One Graduate’s Free Speech is Another’s Hate Speech: Arab American Law School Graduate Raises the Ire of Many
Fatima Mousa Mohammed, the Yemeni immigrant, elected to give the graduation address at City University of New York Law School — Photo Social Media

By: John Mason / Arab America Contributing Writer

Yemeni immigrant Law School graduate Ms. Mohammed gave a speech in which she wanted to “celebrate CUNY for being one of the few law schools to defend the rights of its students to organize and speak out against Israeli settler colonialism.” She took a lot a flak for her speech from both within and without her university. The Law Faculty took her side and insisted her address was free speech and not, according to others, hate speech.
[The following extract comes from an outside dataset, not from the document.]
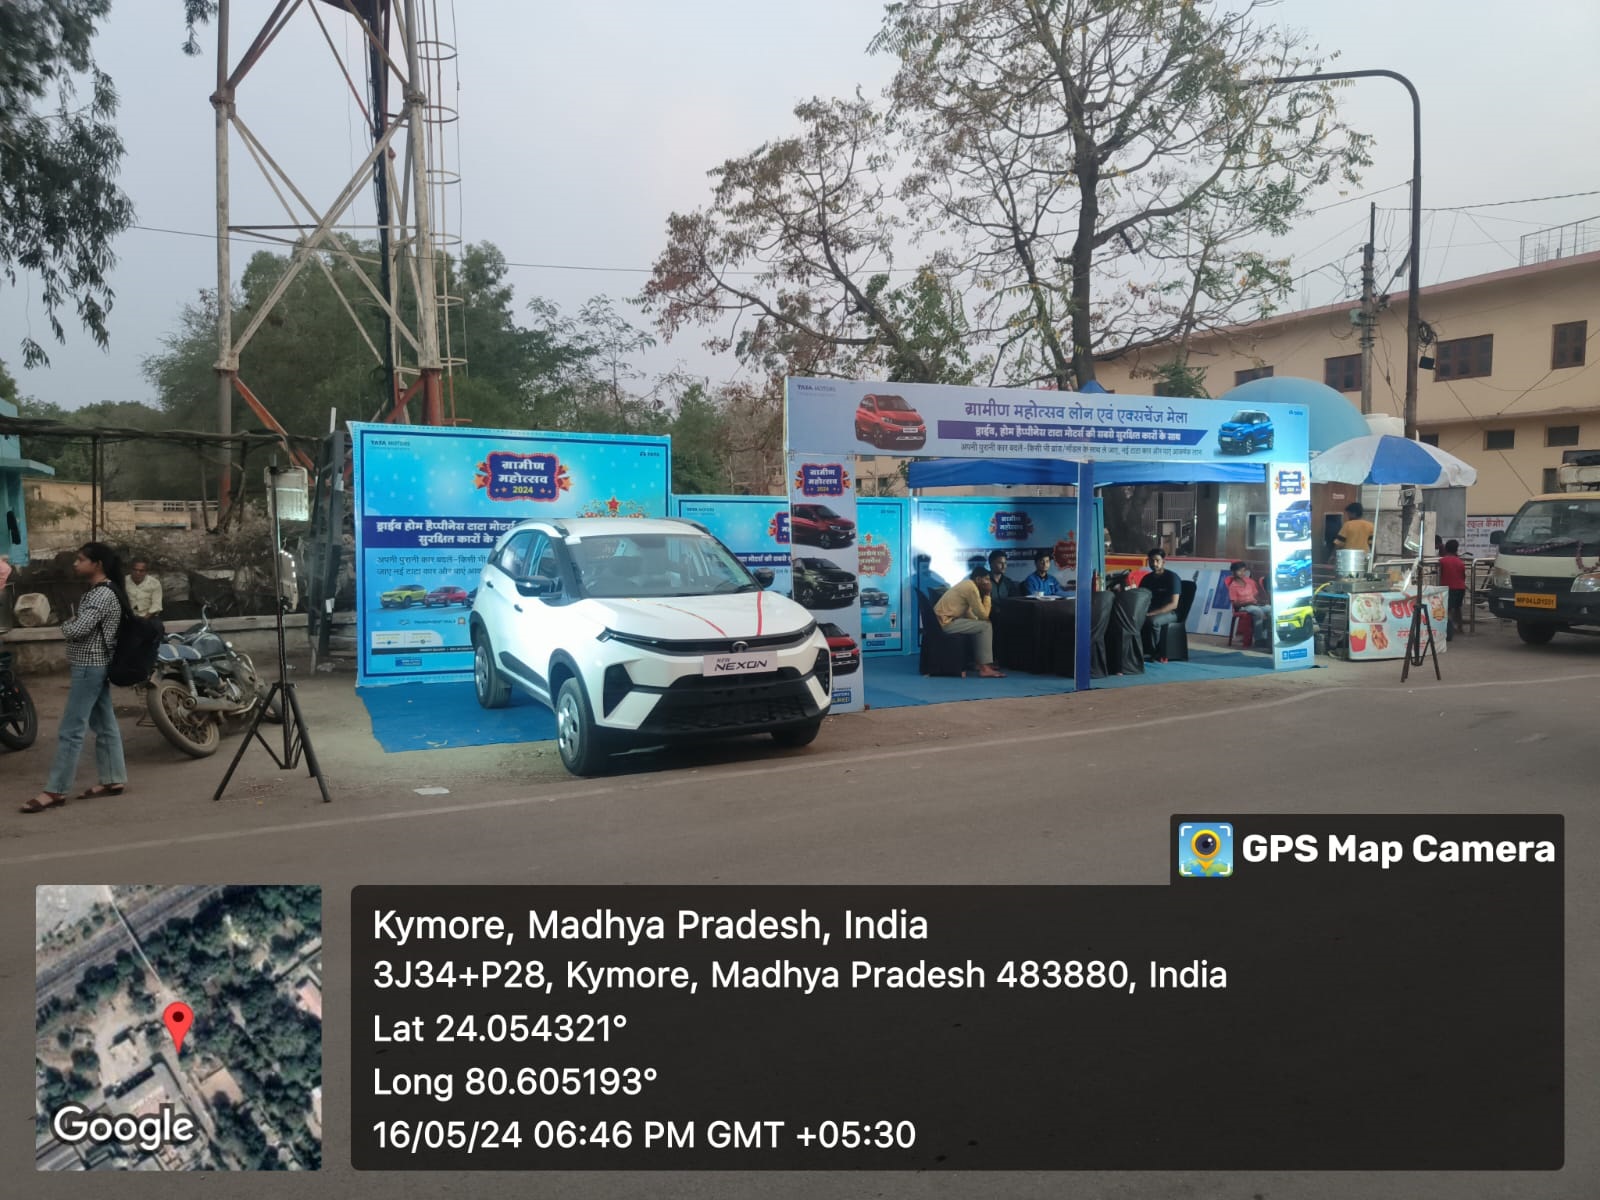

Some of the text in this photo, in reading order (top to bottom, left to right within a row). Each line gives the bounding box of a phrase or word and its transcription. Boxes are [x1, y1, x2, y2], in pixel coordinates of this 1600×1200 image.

University trustees mainly silent over law grad’s controversial speech

The New York Post first uncovered the story and then, two weeks after Fatima Mousa Mohammed gave her ‘infamous’ graduation speech, it broke. The law school graduation took place at the City University of New York (CUNY) School of Law in Queens, a borough of the City. Ms. Mohammed is a Yemeni immigrant.

As the Post put it, “The silence is deafening as the vast majority of CUNY Board of Trustees members refused to weigh in Wednesday as outrage over a law school graduate’s now-notorious ‘hate-filled’ commencement speech continues to mount — and the school’s dean faces calls to be fired.” Just five of 17 of CUNY’s board members publicly denounced the speech, calling it revolutionary and disruptive of the legal system’s “white supremacy.” This denunciation clearly misrepresents Ms. Mohammed’s message

Ms. Mohammed’s speech referenced, in her words, her wanting to “celebrate CUNY for being one of the few law schools to defend the rights of its students to organize and speak out against Israeli settler colonialism.” She urged her fellow graduates to “fuel the fight against capitalism, racism, imperialism and Zionism around the world.”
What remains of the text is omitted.